▶ Problem details
Any picture in the records below stays out; return everything else exactly.

▶ Excerpted records
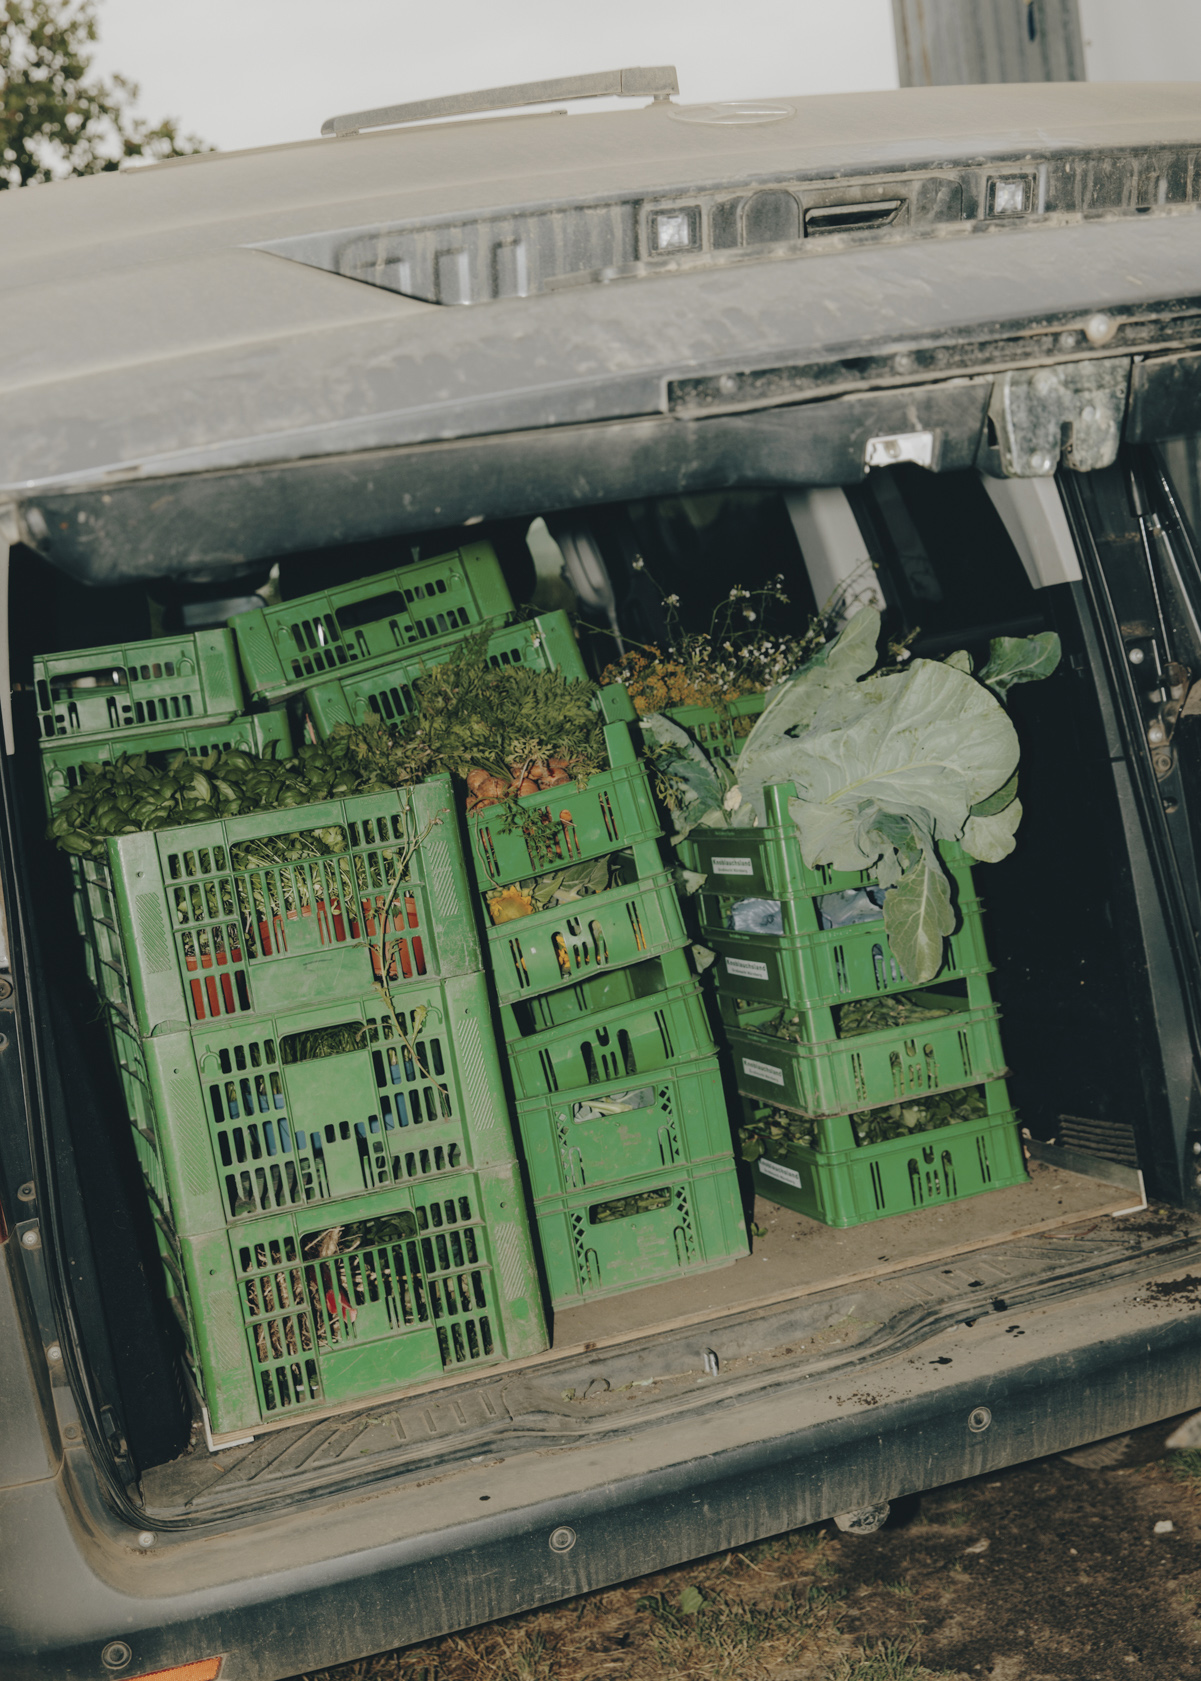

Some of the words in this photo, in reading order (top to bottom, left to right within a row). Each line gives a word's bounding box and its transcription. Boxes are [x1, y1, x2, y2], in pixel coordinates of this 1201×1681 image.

[713, 859, 751, 867] Knoblauchsland
[727, 959, 765, 971] Knoblauchsland
[744, 1060, 782, 1077] Knoblauchsland
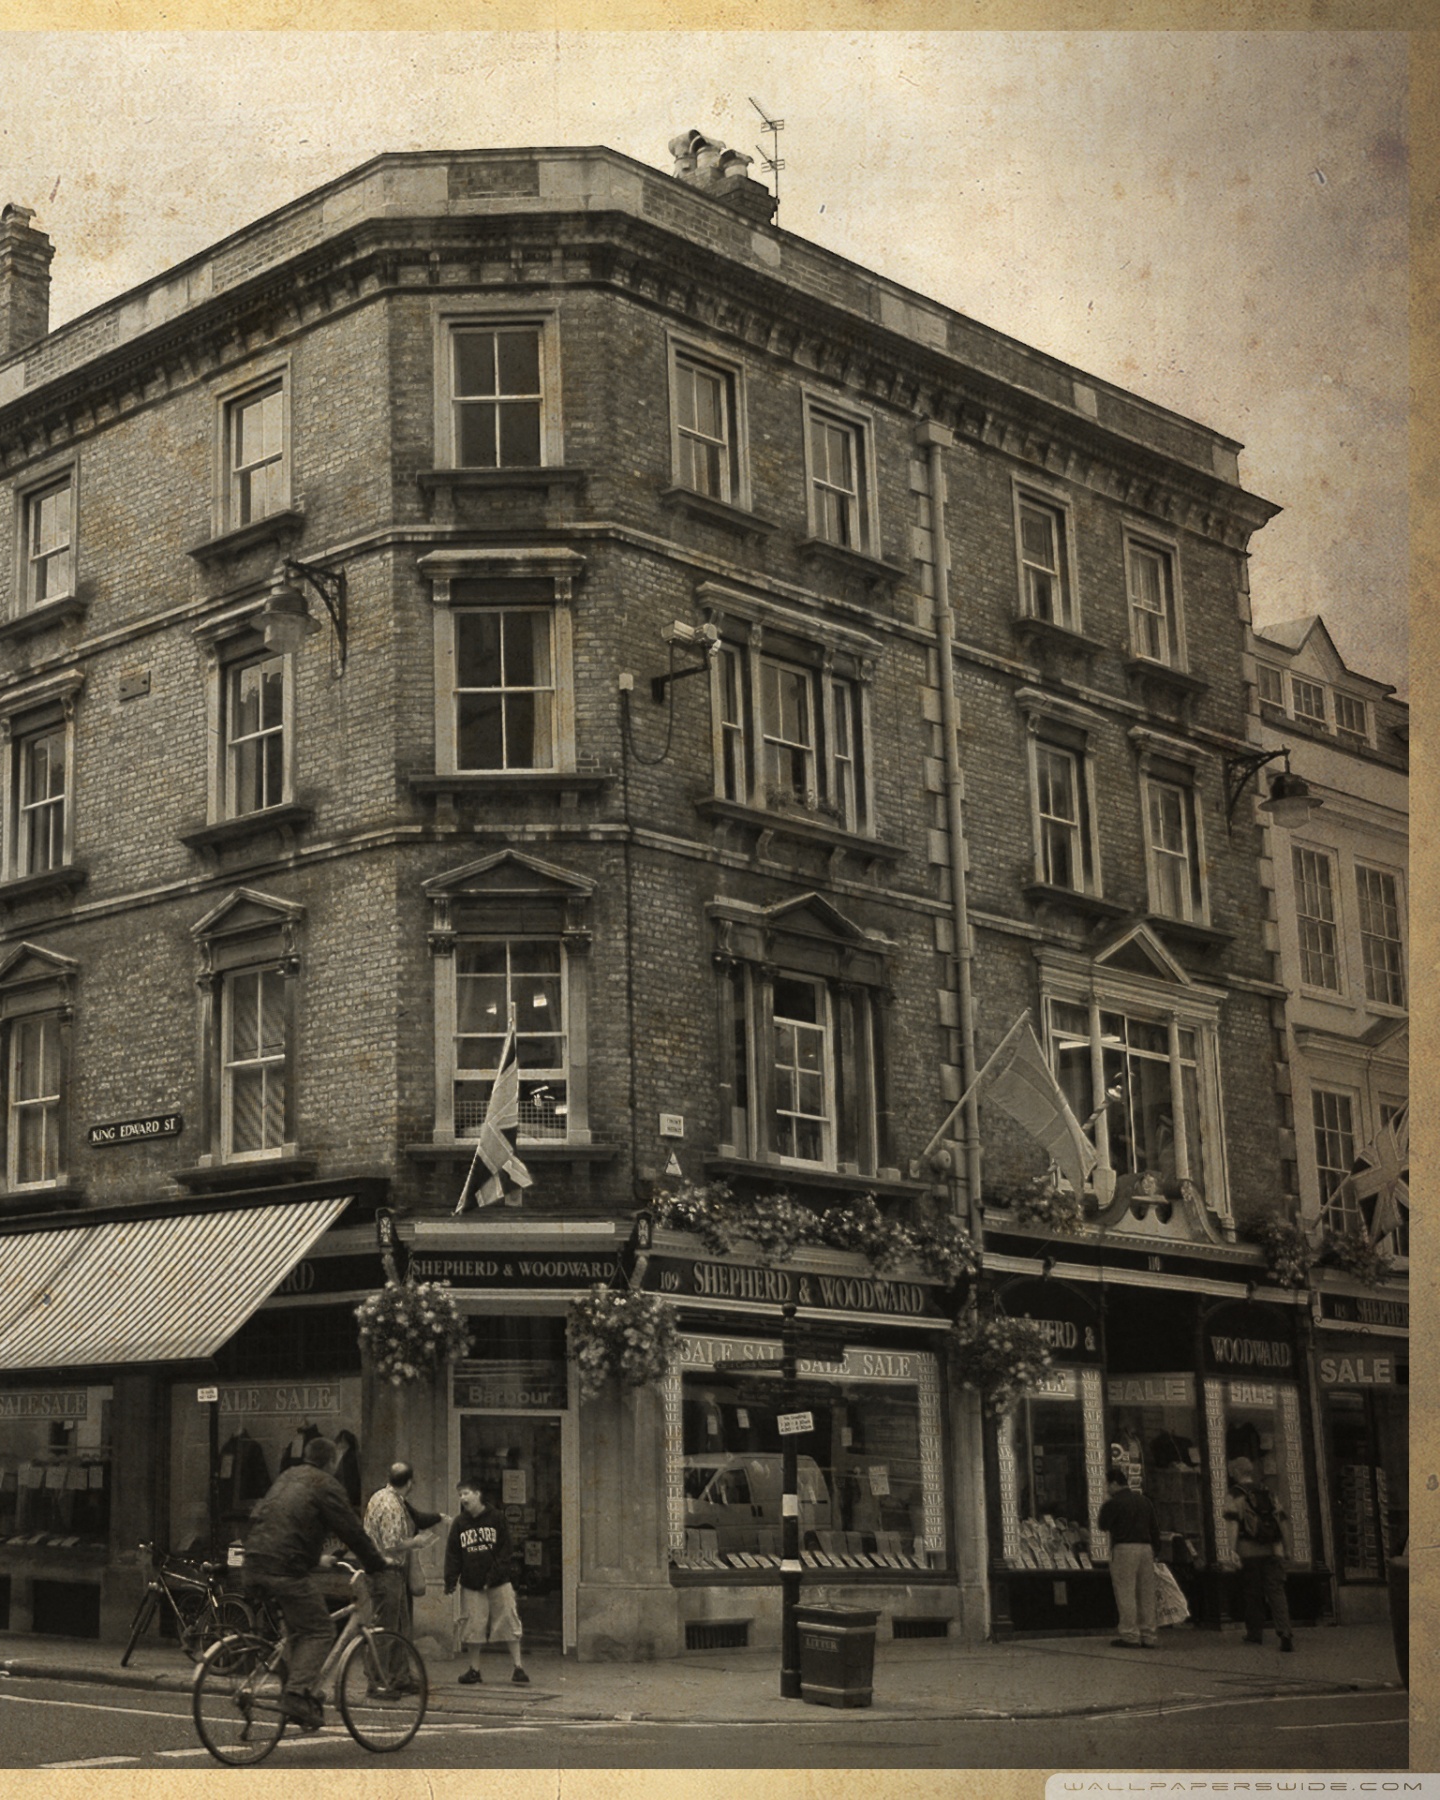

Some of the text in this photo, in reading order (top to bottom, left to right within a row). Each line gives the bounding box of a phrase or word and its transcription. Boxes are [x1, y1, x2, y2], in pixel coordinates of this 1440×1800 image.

[92, 1118, 176, 1142] KING EDWARD ST
[412, 1260, 616, 1278] SHEPHERD & WOODWARD
[660, 1261, 924, 1314] 109 SHEPHERD & WOODWARD
[1084, 1325, 1096, 1352] &
[680, 1337, 733, 1363] SALE
[862, 1354, 912, 1378] SALE
[1210, 1335, 1293, 1368] WOODWARD
[1320, 1358, 1391, 1384] SALE
[220, 1387, 332, 1413] ALE SALE
[469, 1385, 552, 1404] Barbour
[1107, 1380, 1187, 1401] SALE
[1231, 1381, 1274, 1404] SALE
[40, 1394, 88, 1416] SALE
[805, 1637, 838, 1650] LITTER

▶ Response below
Some of the words in this photo, in reading order (top to bottom, left to right within a row). Each line gives a word's bounding box and its transcription. Boxes are [x1, y1, x2, y2], in pixel coordinates of this 1201×1681 image.

[713, 859, 751, 867] Knoblauchsland
[727, 959, 765, 971] Knoblauchsland
[744, 1060, 782, 1077] Knoblauchsland

Some of the text in this photo, in reading order (top to bottom, left to right within a row). Each line gives the bounding box of a phrase or word and its transcription. Boxes are [x1, y1, x2, y2], in pixel coordinates of this 1440×1800 image.

[92, 1118, 176, 1142] KING EDWARD ST
[412, 1260, 616, 1278] SHEPHERD & WOODWARD
[660, 1261, 924, 1314] 109 SHEPHERD & WOODWARD
[1084, 1325, 1096, 1352] &
[680, 1337, 733, 1363] SALE
[862, 1354, 912, 1378] SALE
[1210, 1335, 1293, 1368] WOODWARD
[1320, 1358, 1391, 1384] SALE
[220, 1387, 332, 1413] ALE SALE
[469, 1385, 552, 1404] Barbour
[1107, 1380, 1187, 1401] SALE
[1231, 1381, 1274, 1404] SALE
[40, 1394, 88, 1416] SALE
[805, 1637, 838, 1650] LITTER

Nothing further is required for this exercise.